Constitutive Androstane Receptor in Macrophages Regulates Toll‐Like Receptor 4‐Mediated Innate Immune Responses Against Endotoxemic Liver Injury

Abstract Macrophage proinflammatory hyperactivation drives the pathogenesis of acute liver injury, a common complication of sepsis. The role of the nuclear receptor constitutive androstane receptor (CAR) in endotoxin‐induced liver injury remains unclear. Here, this study reports that CAR is highly expressed in human and murine macrophages. CAR activation markedly attenuated endotoxin‐induced liver damage, alleviating hepatocyte death and hepatic inflammation. Macrophage‐hepatocyte coculture confirmed that CAR inhibited inflammation through macrophage crosstalk. CAR‐mediated hepatoprotection and anti‐inflammatory effects are absent in AAV8‐ F4/80‐ sh Car ‐treated mice, confirming the essential role of CAR in macrophages. Mechanistically, CAR is found to interact with Tlr4 , and the suppressive effects of CAR on TLR4 are proven in Tlr4 −/− mice.
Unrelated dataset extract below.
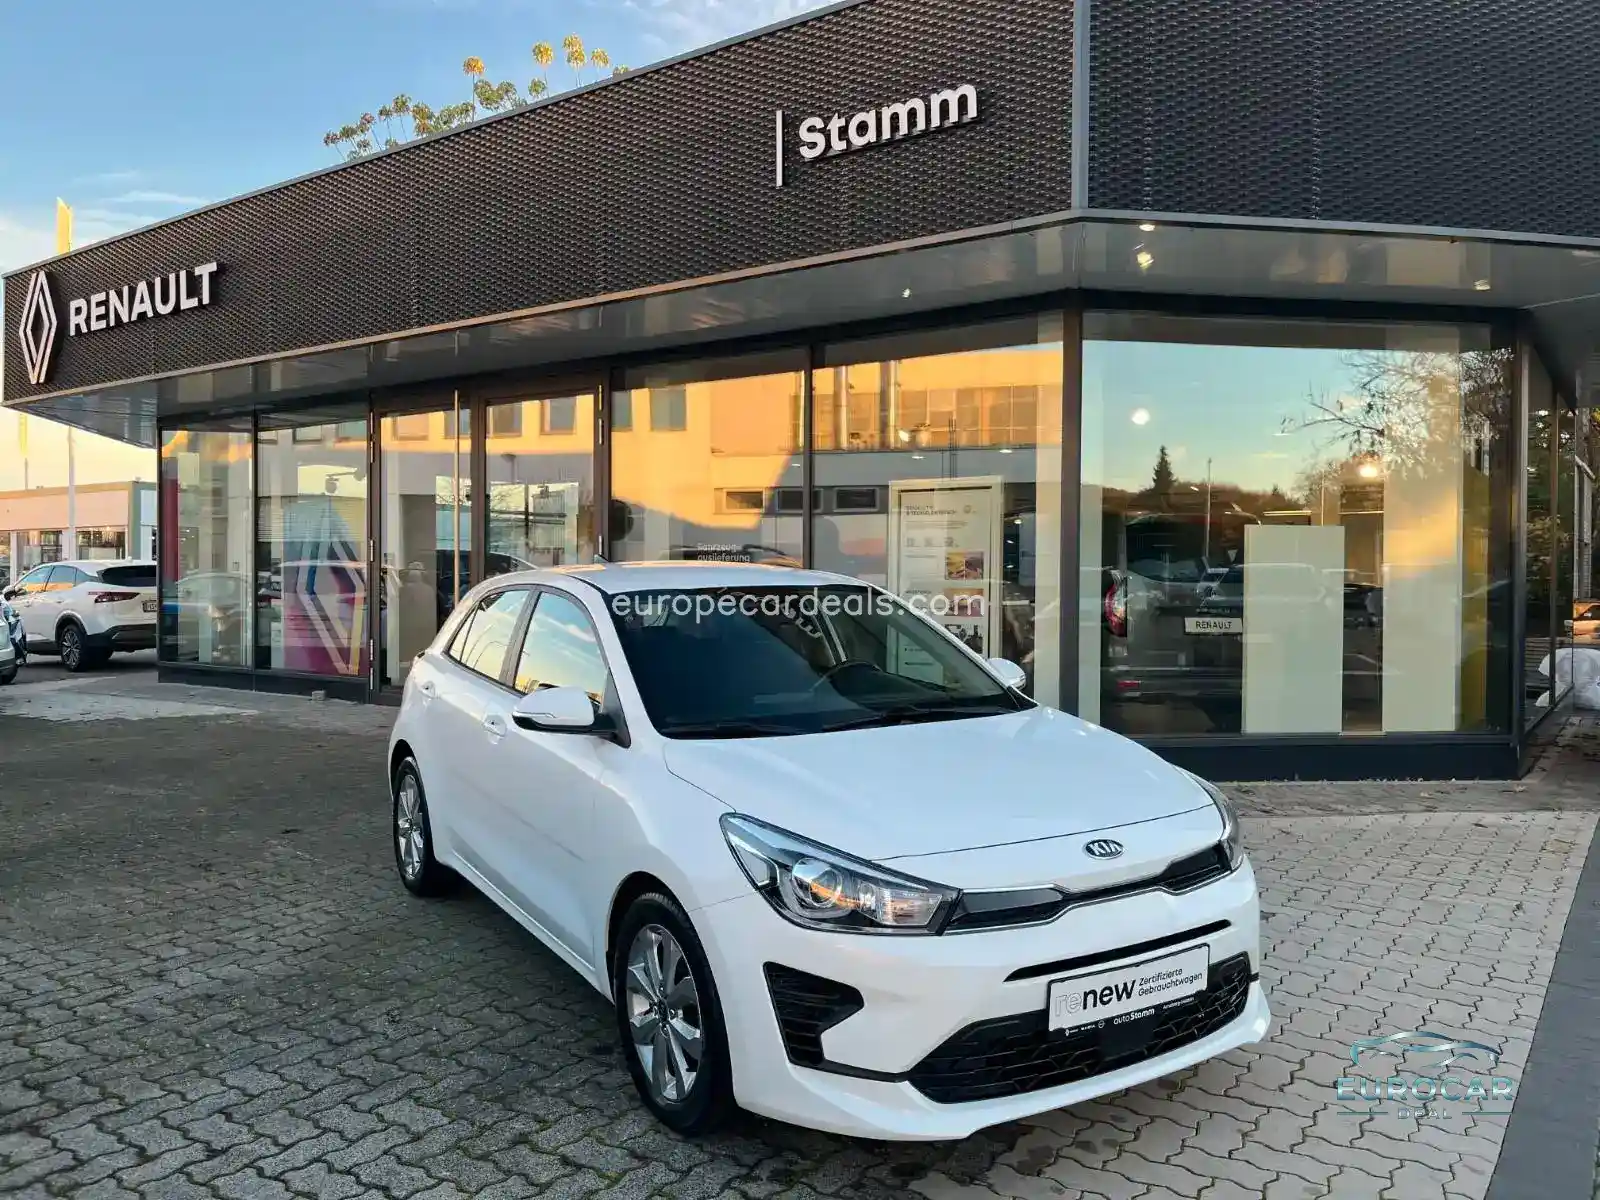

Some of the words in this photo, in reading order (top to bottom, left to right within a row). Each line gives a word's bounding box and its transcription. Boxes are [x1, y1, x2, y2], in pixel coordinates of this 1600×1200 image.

Furthermore, CAR activation reduced LPS‐induced inflammation in hMDMs, BMDMs, RAW264.7, and THP‐1 cells, and Car or Tlr4 knockdown abolished CAR‐mediated immunosuppression. Overall, these findings showed that macrophage CAR activation attenuated endotoxin‐induced liver injury and hepatic inflammation through the TLR4 signaling pathway, providing insights for treating inflammatory liver diseases.